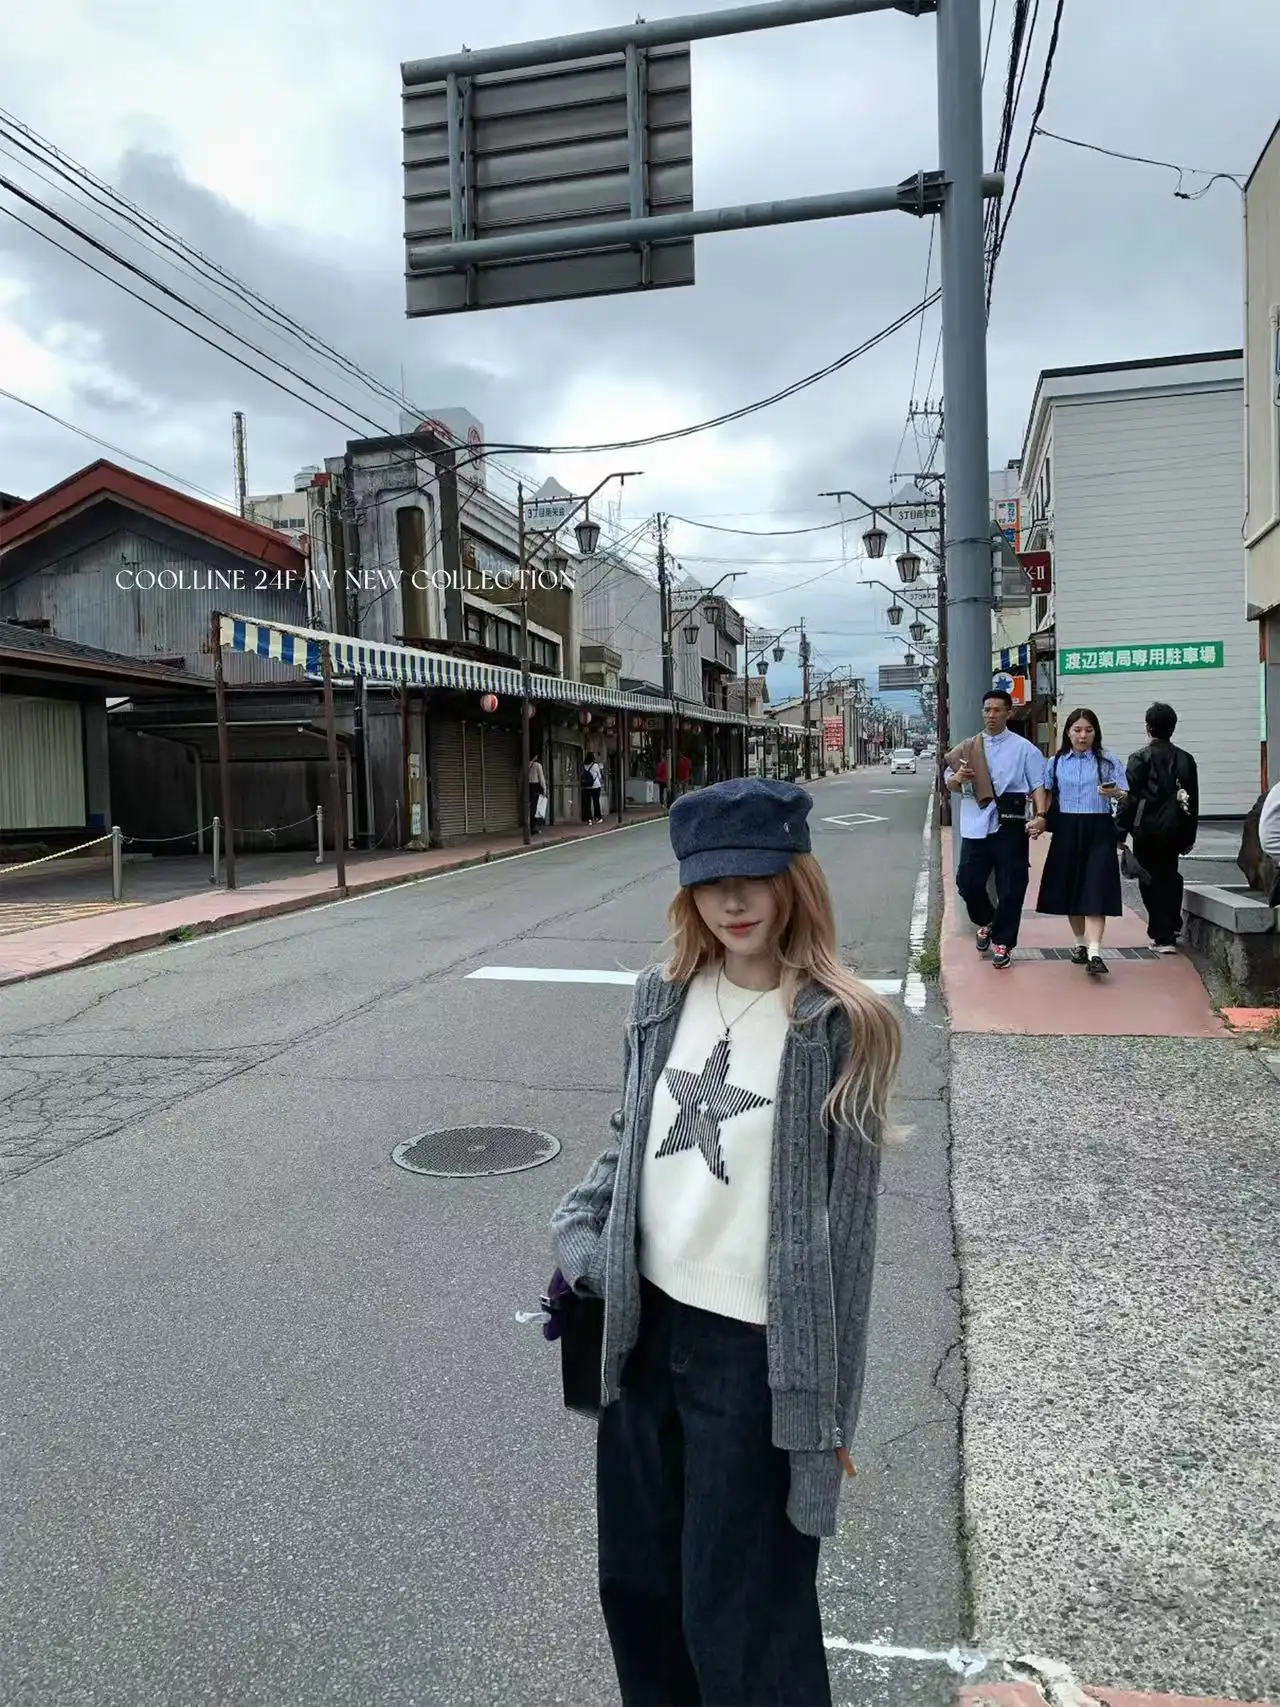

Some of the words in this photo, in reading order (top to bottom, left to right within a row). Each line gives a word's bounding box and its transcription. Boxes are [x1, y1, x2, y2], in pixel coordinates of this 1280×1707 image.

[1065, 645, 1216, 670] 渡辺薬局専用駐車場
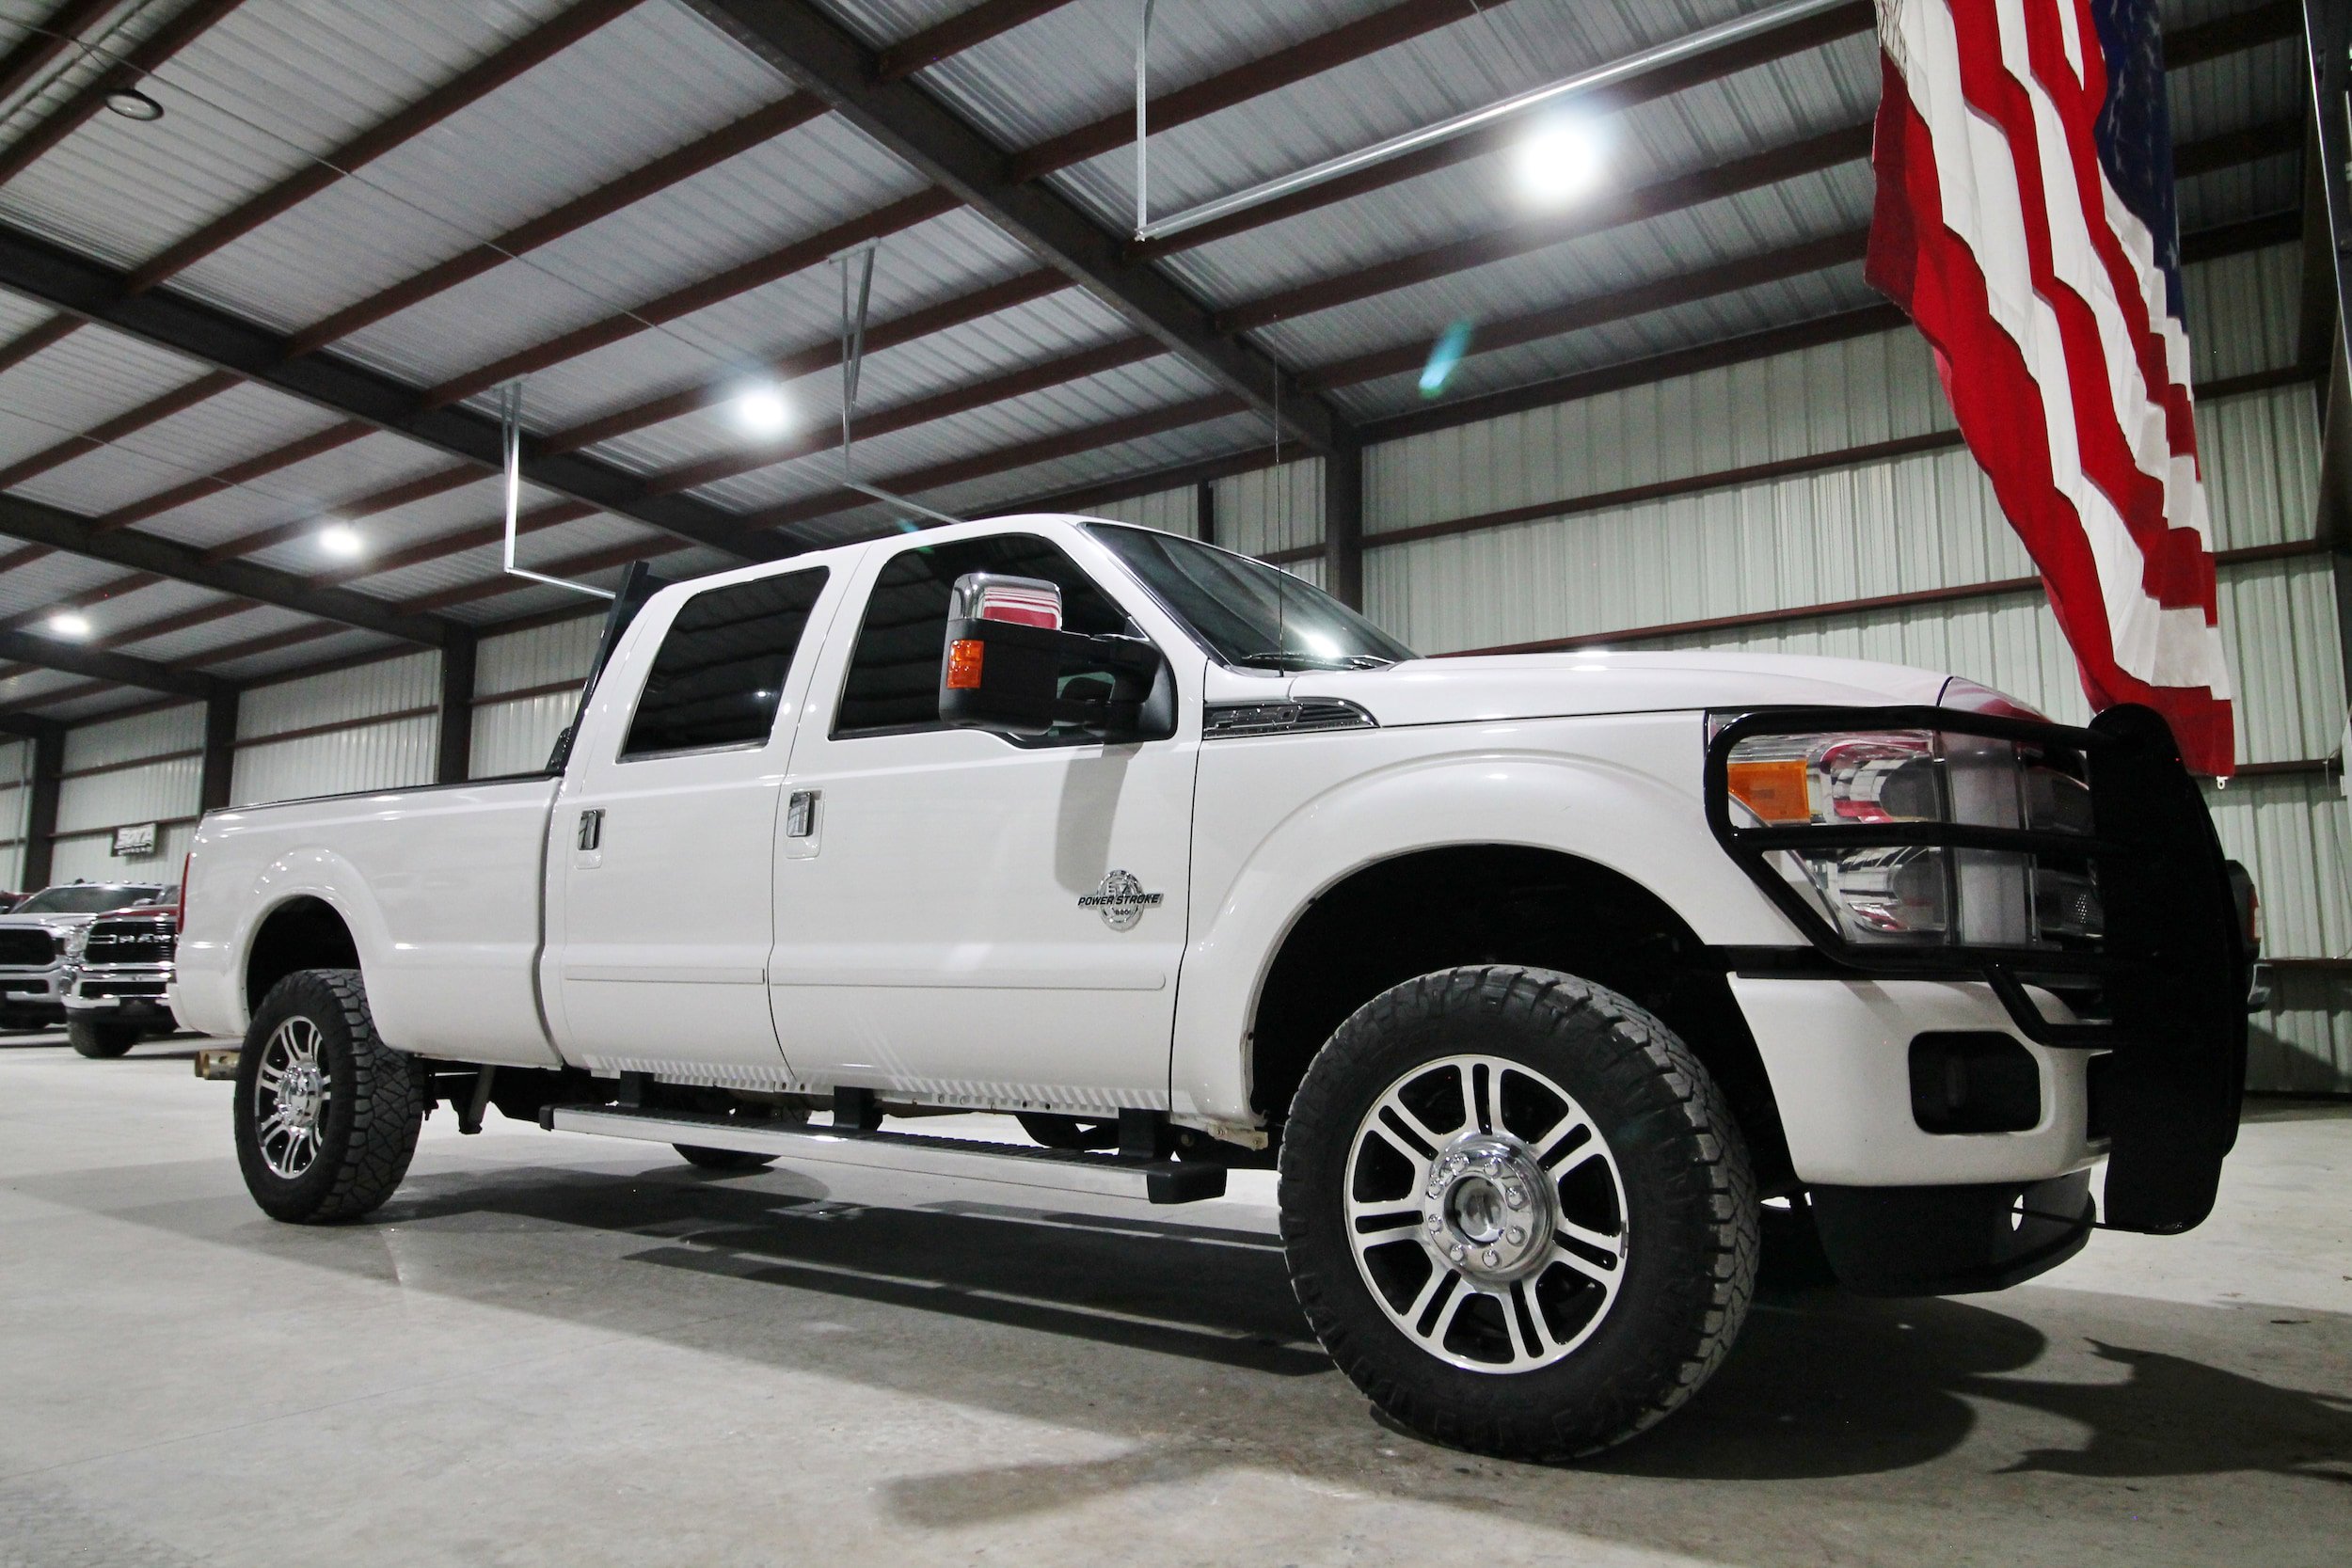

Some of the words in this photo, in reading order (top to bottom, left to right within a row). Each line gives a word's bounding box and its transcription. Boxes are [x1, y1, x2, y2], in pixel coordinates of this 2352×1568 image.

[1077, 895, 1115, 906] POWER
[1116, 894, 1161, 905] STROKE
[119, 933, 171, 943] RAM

Your objective =
Output every record above exactly as written, but skip the pictures.

Reply to the exercise =
Some of the words in this photo, in reading order (top to bottom, left to right within a row). Each line gives a word's bounding box and its transcription. Boxes are [x1, y1, x2, y2], in pixel coordinates of this 1280×1707 image.

[1065, 645, 1216, 670] 渡辺薬局専用駐車場

Some of the words in this photo, in reading order (top to bottom, left to right within a row). Each line gives a word's bounding box and its transcription. Boxes are [x1, y1, x2, y2], in pixel coordinates of this 2352×1568 image.

[1077, 895, 1115, 906] POWER
[1116, 894, 1161, 905] STROKE
[119, 933, 171, 943] RAM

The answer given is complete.